Even as I write this, I will be celebrating my 21st birthday this weekend. It is definitely not going to be the grandiose party I had in mind, and it still stings a bit.

However, I know that I can still trust in God. I fully believe He has something exciting and new in store for us each day.

How do I know this? Well, my confidence comes from what I experienced last year in National Service (NS).

I enlisted on 2 October 2019.

After a shaving ceremony and a heartwarming send-off from my loved ones, I found myself on the island of Tekong.

Unlike most of my peers, I was looking forward to my time here. This was because I was much closer to achieving my childhood dream of going through command school and becoming an officer in the army.

As expected, I took my initial weeks in Tekong positively and was adjusting well to the training. I was well-liked by my commanders and got along with my bunk mates and platoon.

I could see my dream of becoming an officer just around the corner.

It was in this atmosphere and joyful mood that things took an unexpected turn.

Without warning, I found myself lying on the floor. I had blacked-out.

In the fourth week, on an ordinary Tuesday morning, I was queuing to receive my rifle for training.

Then, without warning, I found myself lying on the floor. I had blacked-out. My commanders and platoon mates went into a frenzy. By the time I realised what was going on, I was on a stretcher and about to be sent to the medical centre.

The next thing I knew, I was on an emergency boat speeding off the island. They rushed me to Changi General Hospital for a thorough medical check-up.

After the check-up and a few days of rest at home, I was back in Tekong. There I had to visit the medical centre for a follow-up. In the doctor’s office, my condition was explained to me – vasovagal syncope.

Then his words rang through my entire being: “Cliff, based on your condition, I’m sorry, but mostly probably, I have to take you out of course.”

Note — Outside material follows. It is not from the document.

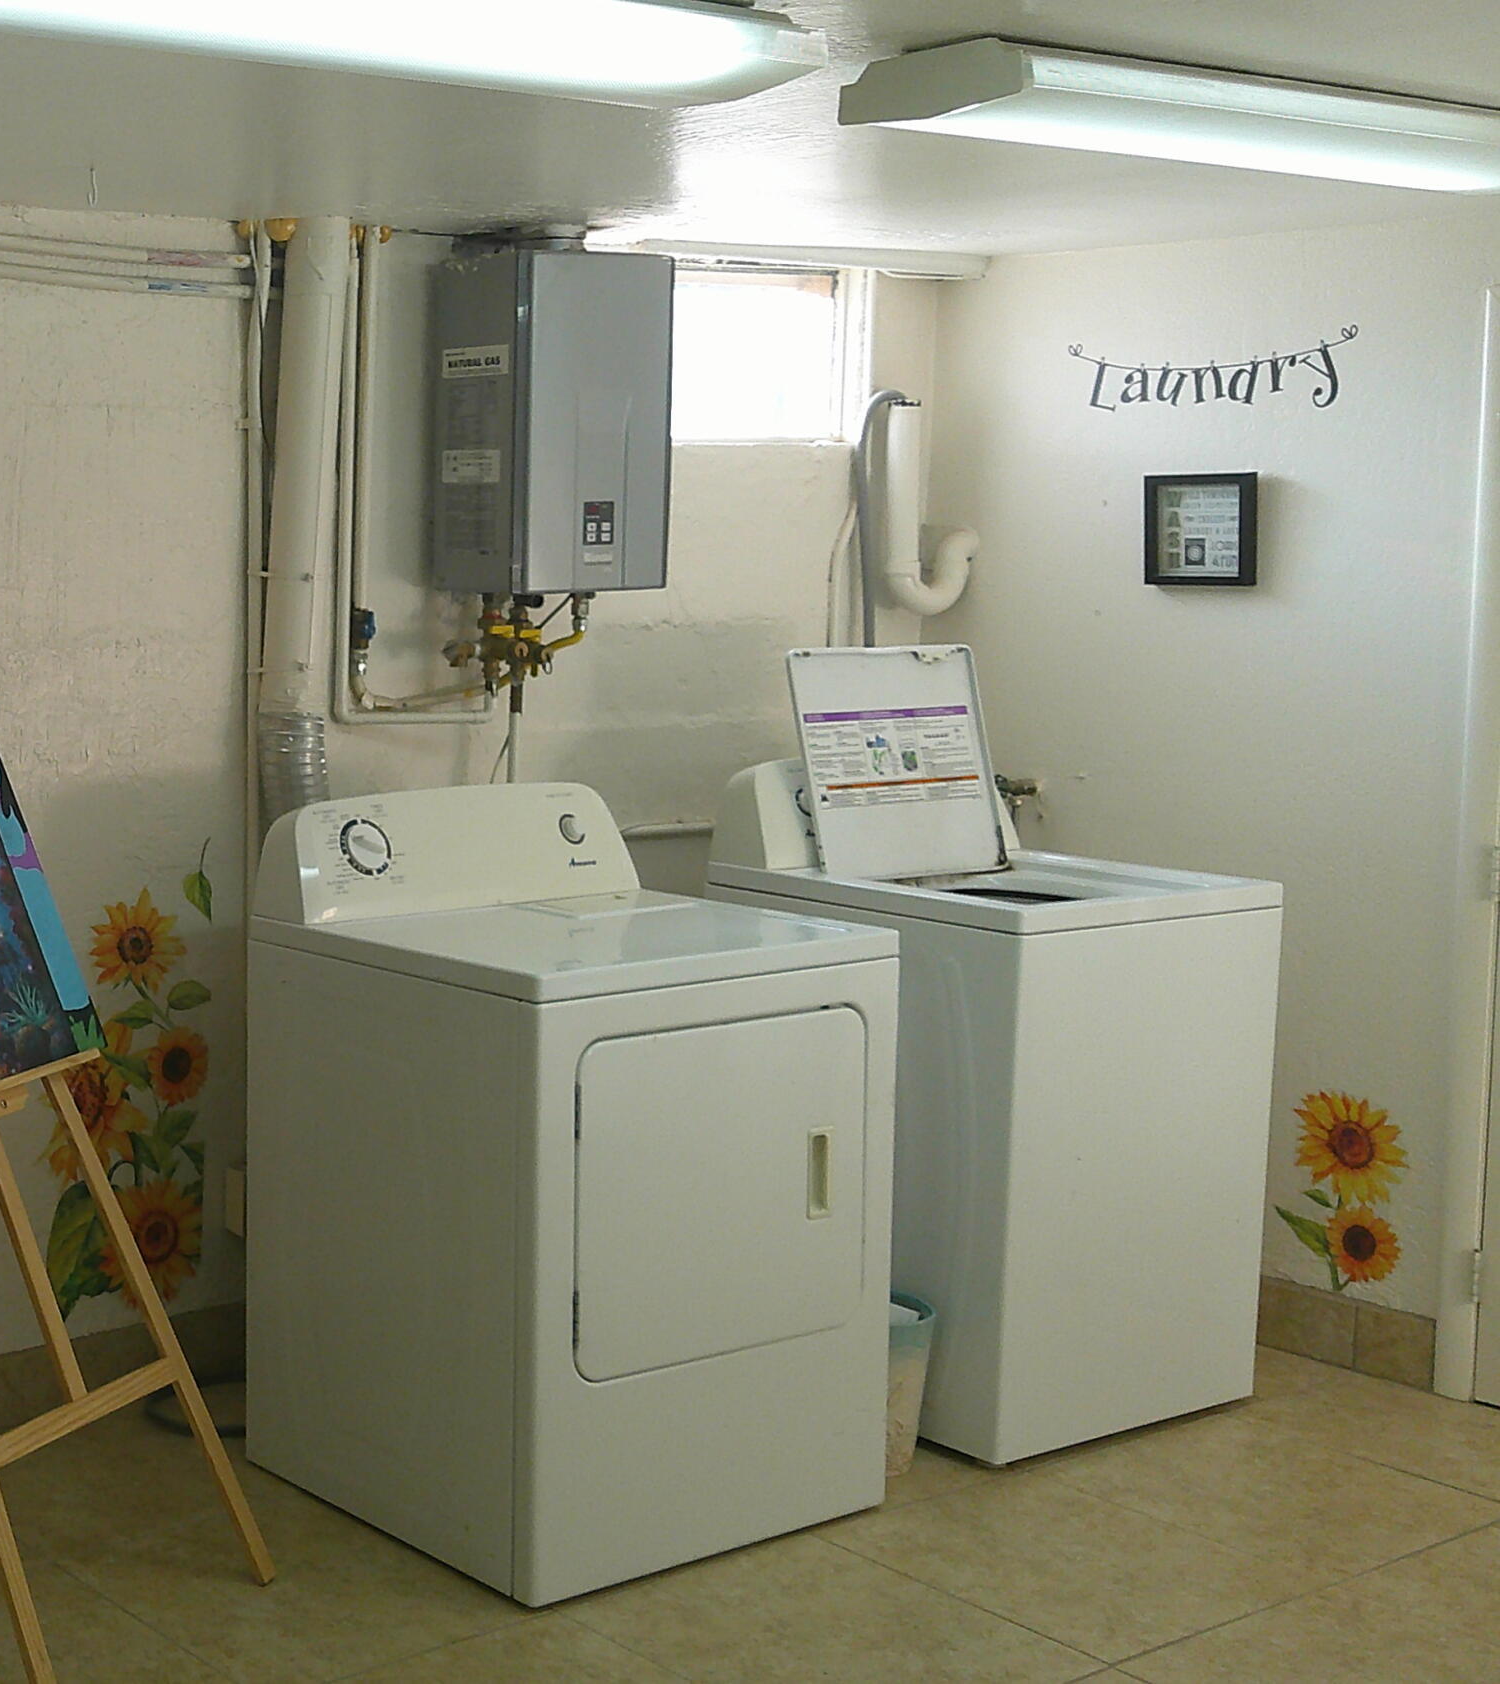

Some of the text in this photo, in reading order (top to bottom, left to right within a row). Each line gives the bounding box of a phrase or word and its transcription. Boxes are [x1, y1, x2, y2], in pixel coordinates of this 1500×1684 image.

[448, 355, 501, 368] NATURAL GAS
[1089, 346, 1339, 411] Laundry

At that moment, my world started to collapse. Being out of course meant I could not participate in any more training and would not graduate with my peers.

But more importantly, because of my condition, I was no longer eligible for command school.

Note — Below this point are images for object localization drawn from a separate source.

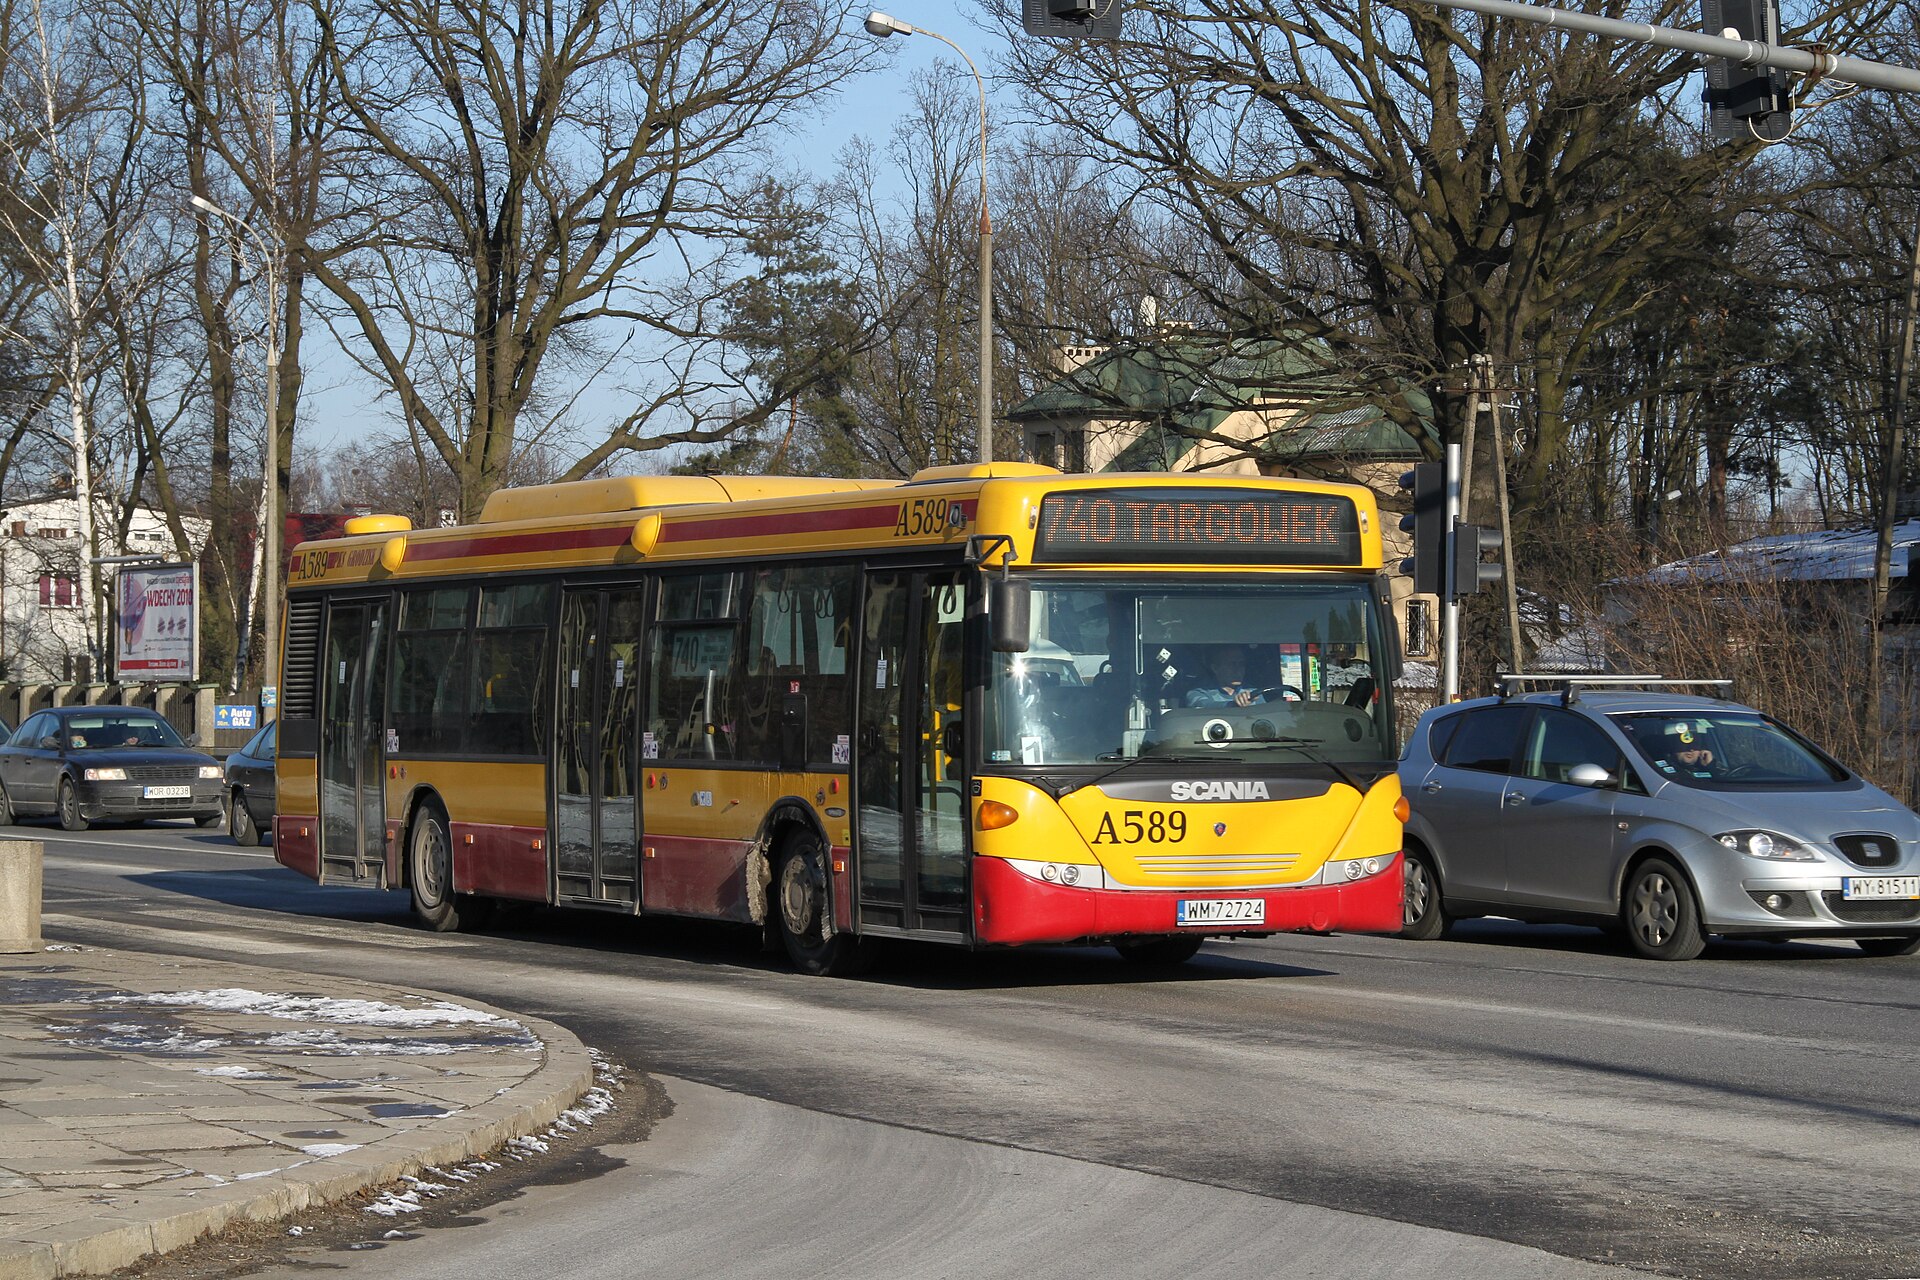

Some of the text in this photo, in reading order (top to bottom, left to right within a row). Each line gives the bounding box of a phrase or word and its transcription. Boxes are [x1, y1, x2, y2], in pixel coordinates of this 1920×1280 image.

[894, 498, 947, 536] A589
[1045, 498, 1116, 542] 740
[298, 551, 329, 580] A589
[147, 588, 193, 607] WDECHY 2010
[673, 636, 699, 672] 740
[231, 708, 252, 717] Auto
[232, 717, 250, 727] GAZ
[1025, 741, 1040, 763] 1
[1171, 781, 1270, 800] SCANIA
[1091, 810, 1187, 844] A589
[1853, 879, 1916, 894] WY 81511
[1188, 901, 1262, 918] WM 72724

This was the start of a very dry and difficult period for me.

Though I was trying my best to trust God, I found it extremely hard to understand why this was happening to me.

Thoughts would constantly flood my mind about how I would never achieve my dream of becoming an officer. I gradually became upset, and even angry with God.

Why? That was the question I asked myself and God most often.

Why me? Why did this have to happen to me?

It was in this time of struggle that I experienced comfort and hope from my parents, cell leader, cell and the church community of my home church, Faith Community Baptist Church (FCBC).

They rallied behind me and encouraged me that God has a plan through it all. All of them sent me messages of trust and hope, citing personal experiences and the Bible on how God can turn things around.

They shared how God works even in our brokenness and disappointments – He turns our mess into a message, a trial into a triumph and a test into a testimony.

Through it all, I held onto Jeremiah 29:11 and the lyrics of, “I Raise A Hallelujah”. Through all these encounters with God, I could move on with my life in the knowledge that He has something better in store for me.

He turns our mess into a message, a trial into a triumph and a test into a testimony.

Fast forward half a year, and now I find myself enjoying a relaxed and meaningful time in the Air Force as a storeman.

The abundance of time in this vocation has allowed me to do many things in the past few months. I was able to lead an evangelistic outreach event, spend more quality time with my parents and hang out more with my friends.

Daily life in camp is awesome as I have been blessed with exceptional colleagues, caring superiors and a wonderful work environment. This camp where I stay from Mondays to Fridays is also great as we have access to facilities such as the gym, swimming pool and basketball court.

Looking back, I can see now that God had this special plan for me when I went out of course.

It was definitely not what I had in mind, but it is much better than what I had hoped for from my time in NS. Though I may not be an officer, I enjoy my work and am able to do so many fruitful things.

So I hope my experience challenges your perspective on this COVID-19 season. It can be a prelude to something exciting God has in store for our lives.

We just need to wait patiently and trust in Him. It may not be easy right now, but the wait will be worthwhile.

Will you trust God for what He has in store for you?

  1. What was the biggest disappointment you’ve experienced in life?
  2. Where did you see God in it?
  3. How could you have handled it in a more God-honouring way?